▸ **Exercise input**
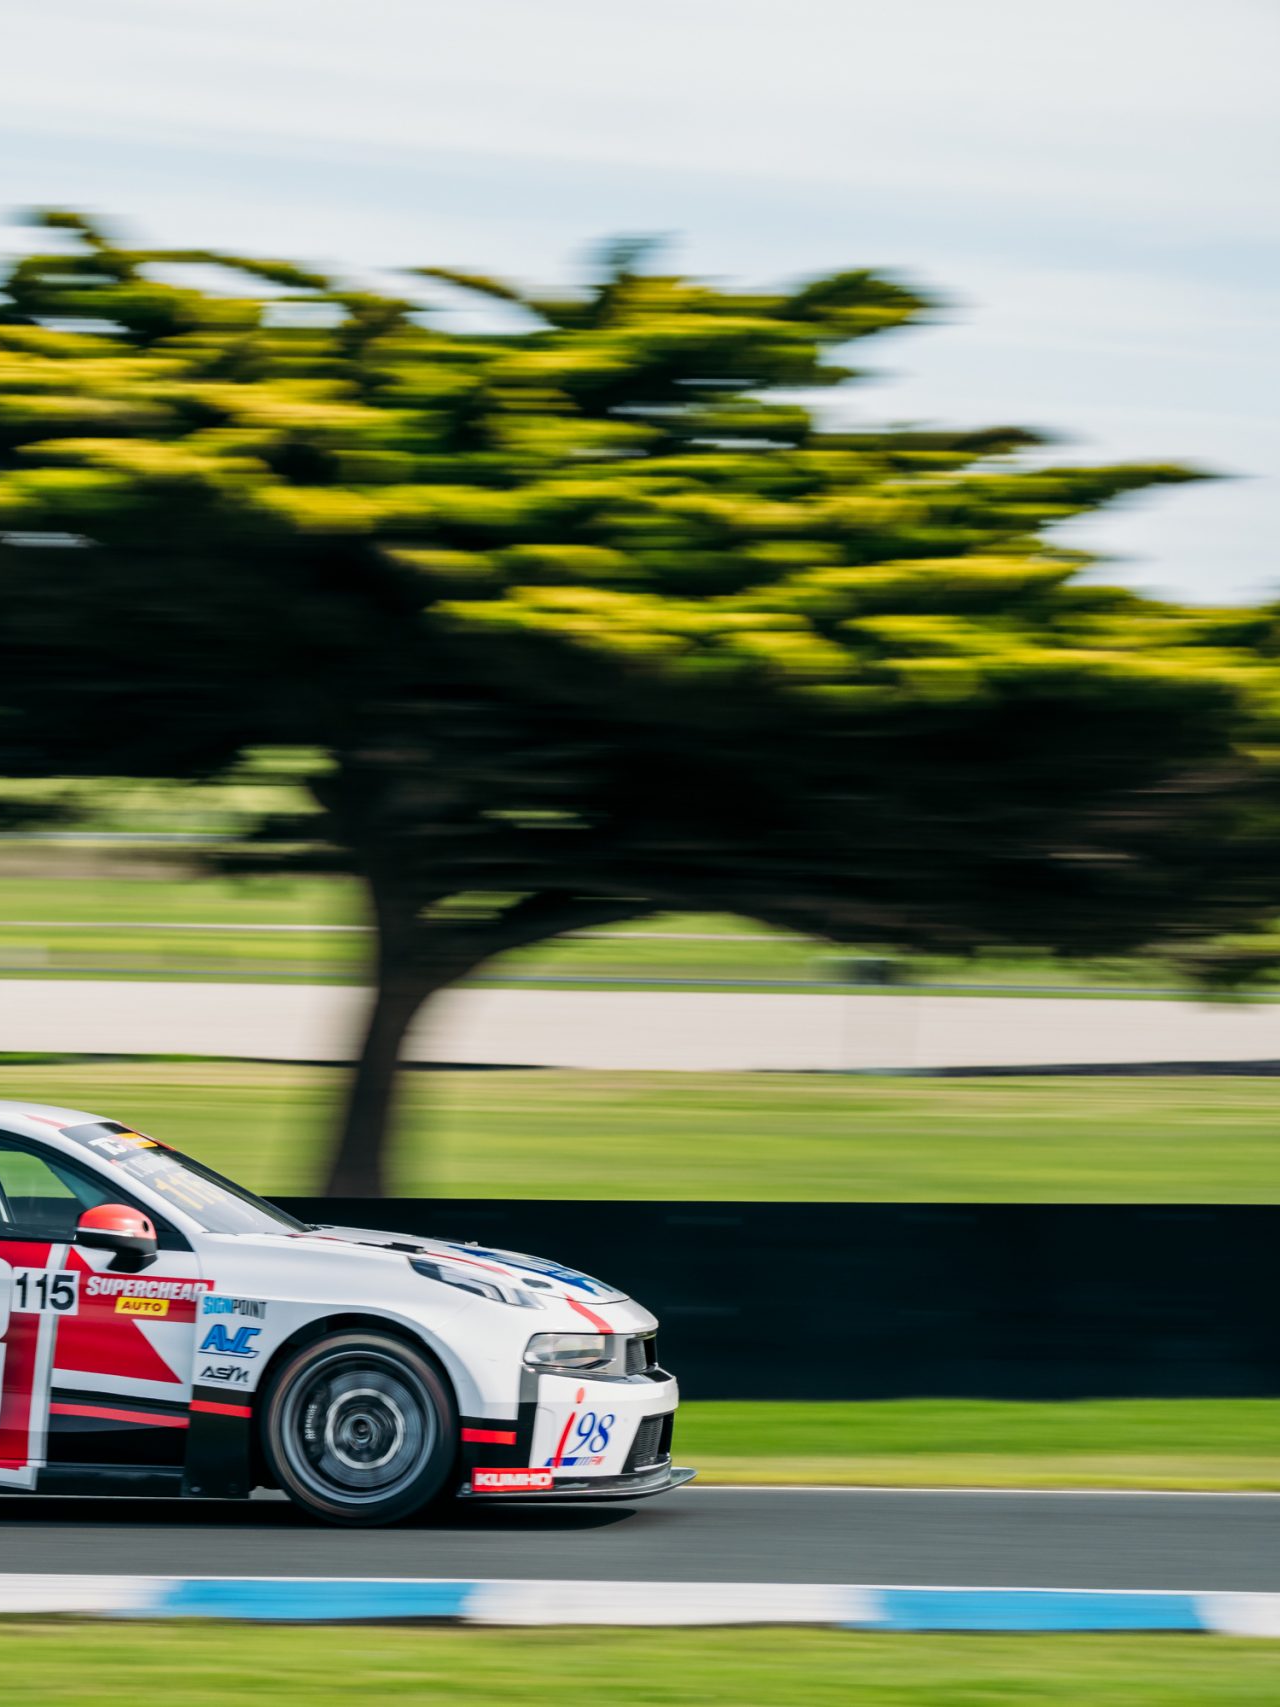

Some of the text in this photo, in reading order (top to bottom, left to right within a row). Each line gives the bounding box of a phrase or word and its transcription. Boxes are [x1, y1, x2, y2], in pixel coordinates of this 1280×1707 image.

[16, 1272, 76, 1311] 115
[122, 1301, 162, 1313] AUTO
[474, 1473, 552, 1487] KUMHO
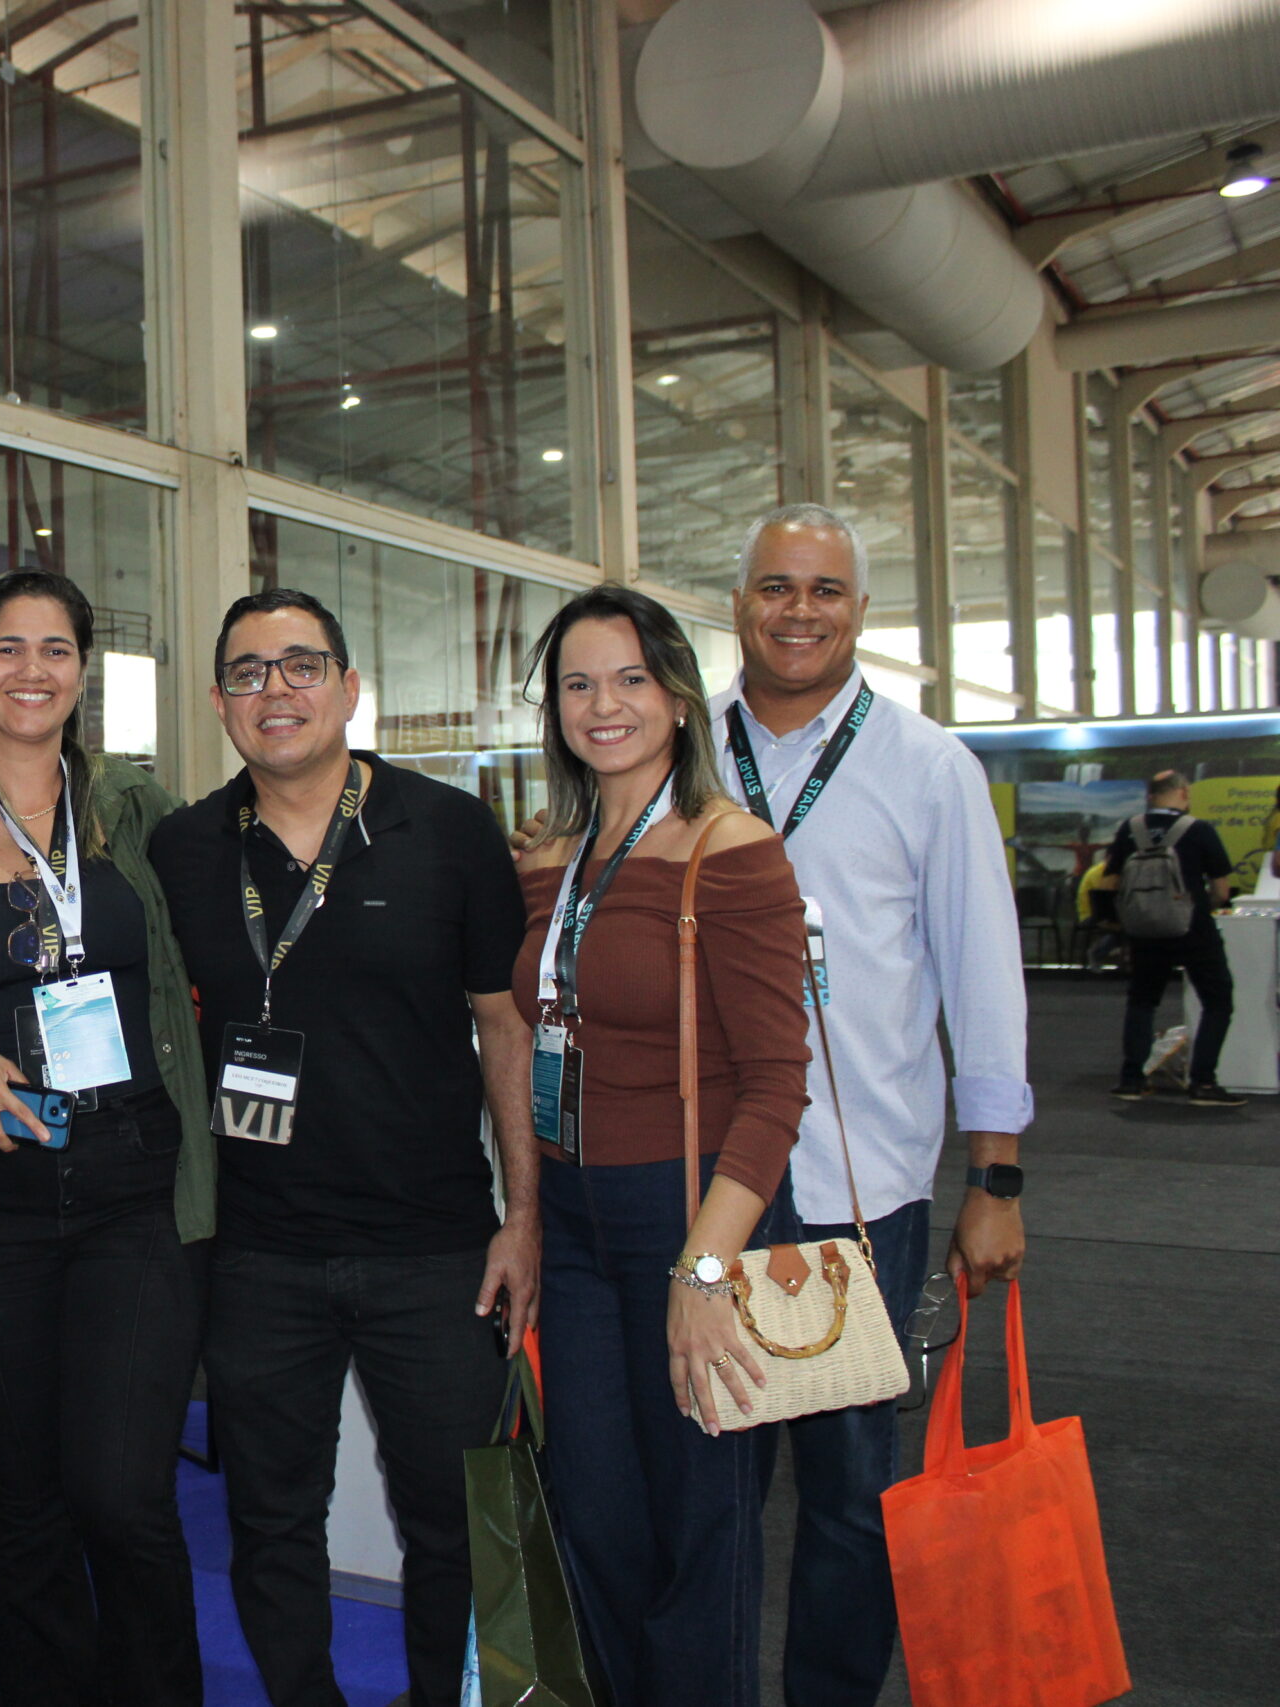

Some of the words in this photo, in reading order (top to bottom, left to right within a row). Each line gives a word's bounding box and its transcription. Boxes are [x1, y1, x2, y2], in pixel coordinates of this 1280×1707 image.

[847, 689, 871, 734] START
[736, 756, 761, 796] START
[339, 788, 358, 818] VIP
[791, 777, 823, 822] START
[239, 806, 252, 832] VIP
[51, 849, 66, 877] VIP
[312, 864, 333, 895] VIP
[245, 886, 264, 919] VIP
[42, 923, 59, 956] VIP
[271, 941, 293, 970] VIP
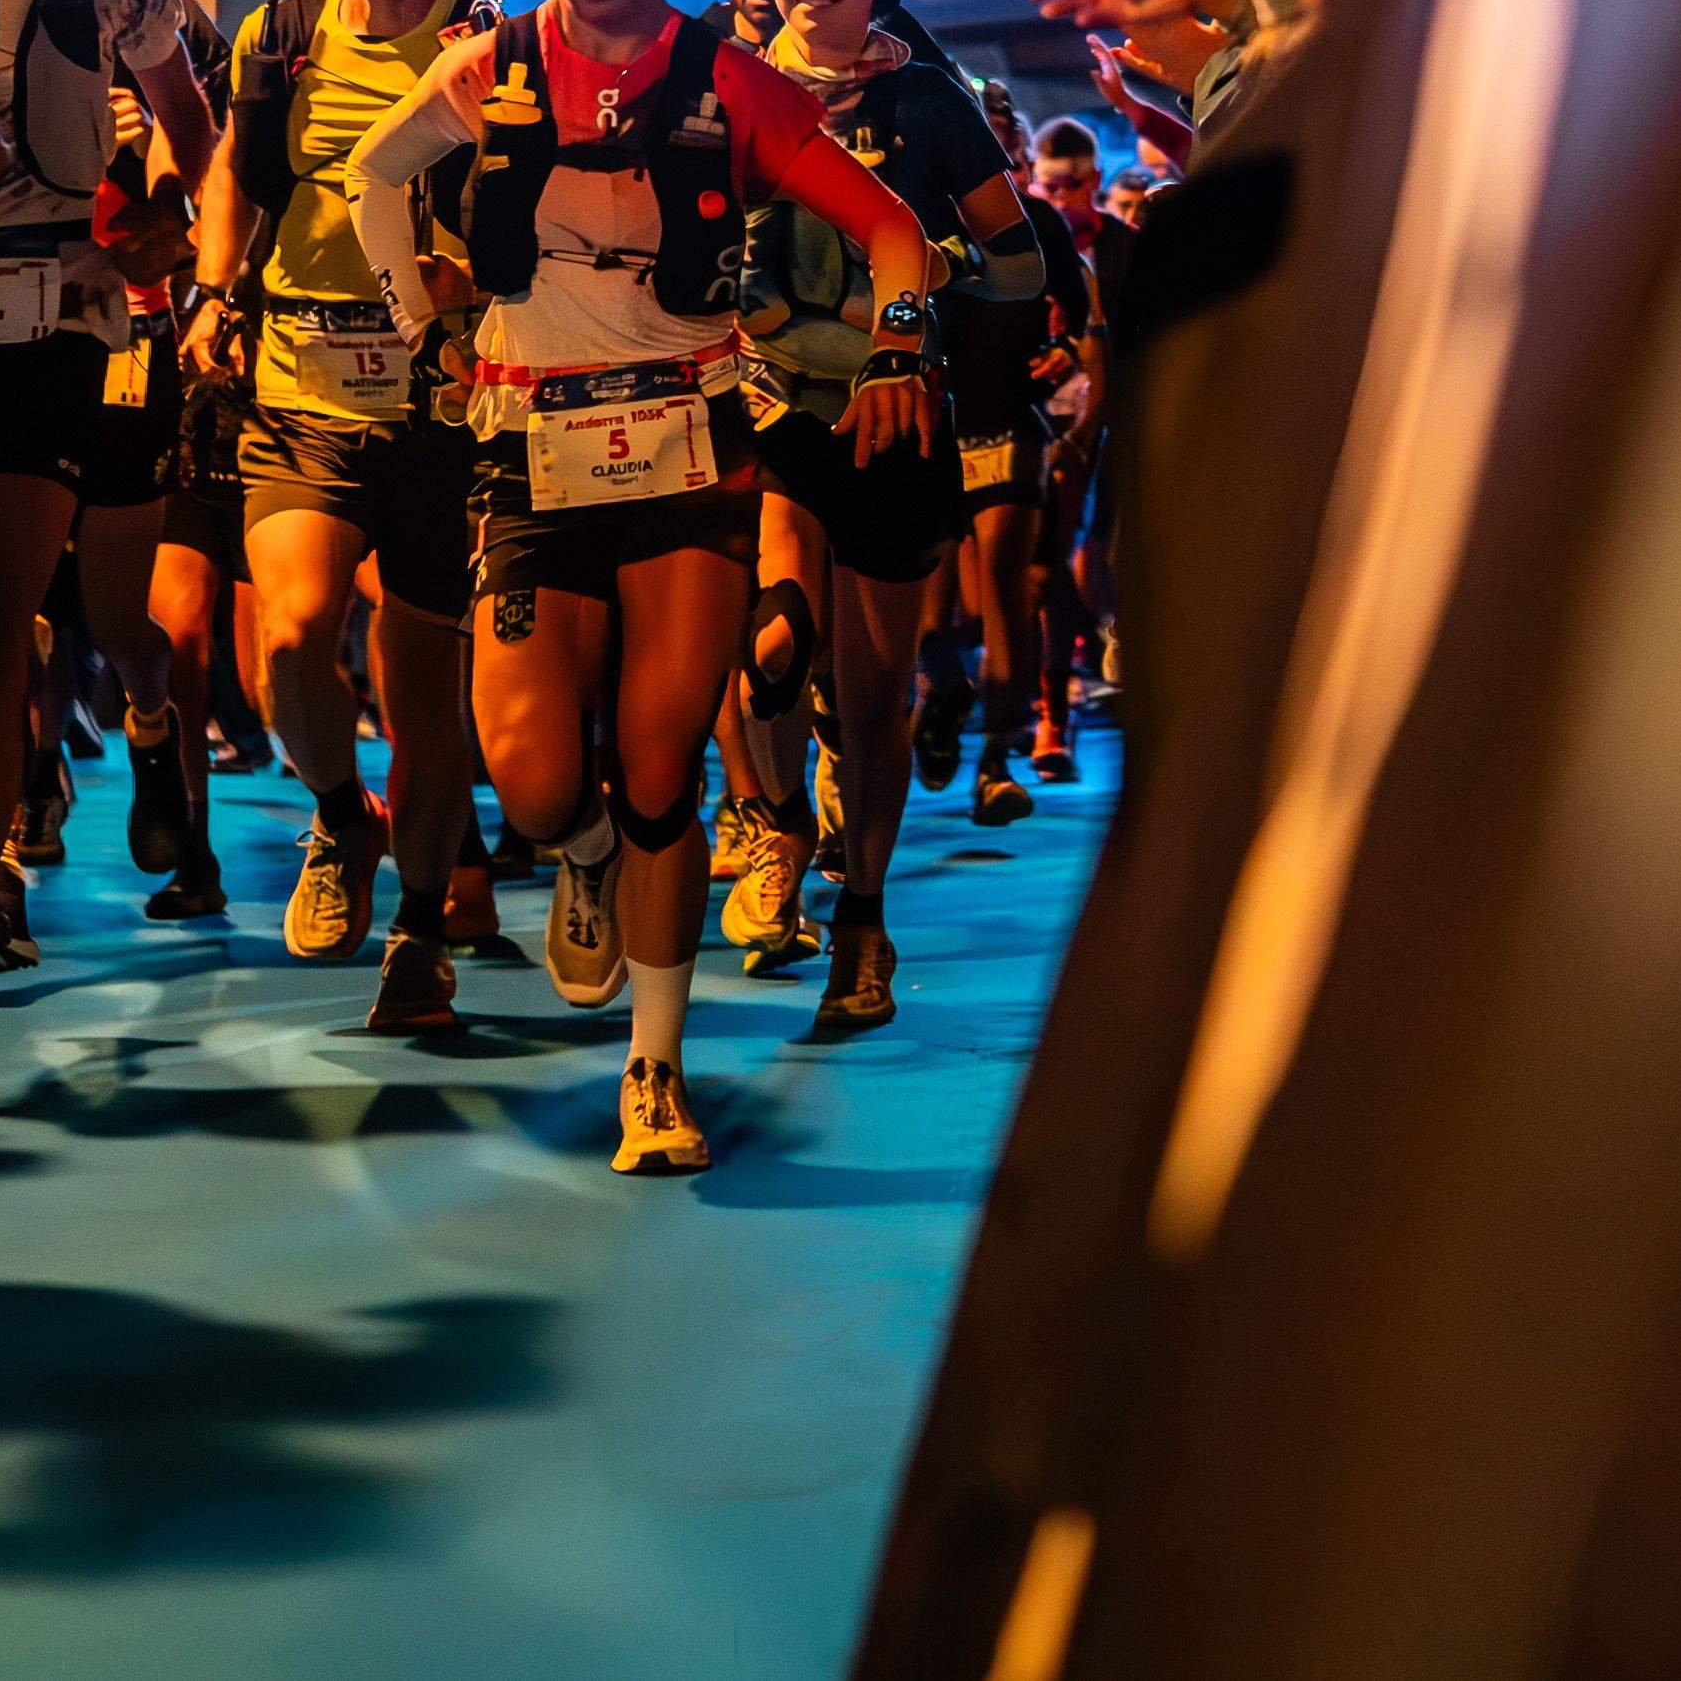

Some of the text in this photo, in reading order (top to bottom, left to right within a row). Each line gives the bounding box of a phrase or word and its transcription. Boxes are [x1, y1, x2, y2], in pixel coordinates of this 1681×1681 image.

[355, 352, 387, 376] 15
[608, 428, 630, 460] 5
[591, 459, 654, 478] CLAUDIA

▸ **What this task involves**
Print only the lines from the one with "Some of the words" through the last line of the data above, exactly and with both ends, and please omit any pictures.

▸ **Result**
Some of the words in this photo, in reading order (top to bottom, left to right within a row). Each line gives a word's bounding box and its transcription. Boxes are [x1, y1, x2, y2], in pixel coordinates of this 1280×1707 image.

[847, 689, 871, 734] START
[736, 756, 761, 796] START
[339, 788, 358, 818] VIP
[791, 777, 823, 822] START
[239, 806, 252, 832] VIP
[51, 849, 66, 877] VIP
[312, 864, 333, 895] VIP
[245, 886, 264, 919] VIP
[42, 923, 59, 956] VIP
[271, 941, 293, 970] VIP

Some of the text in this photo, in reading order (top to bottom, left to right within a row). Each line gives the bounding box of a phrase or word and its transcription. Boxes are [x1, y1, x2, y2], in pixel coordinates of this 1681×1681 image.

[355, 352, 387, 376] 15
[608, 428, 630, 460] 5
[591, 459, 654, 478] CLAUDIA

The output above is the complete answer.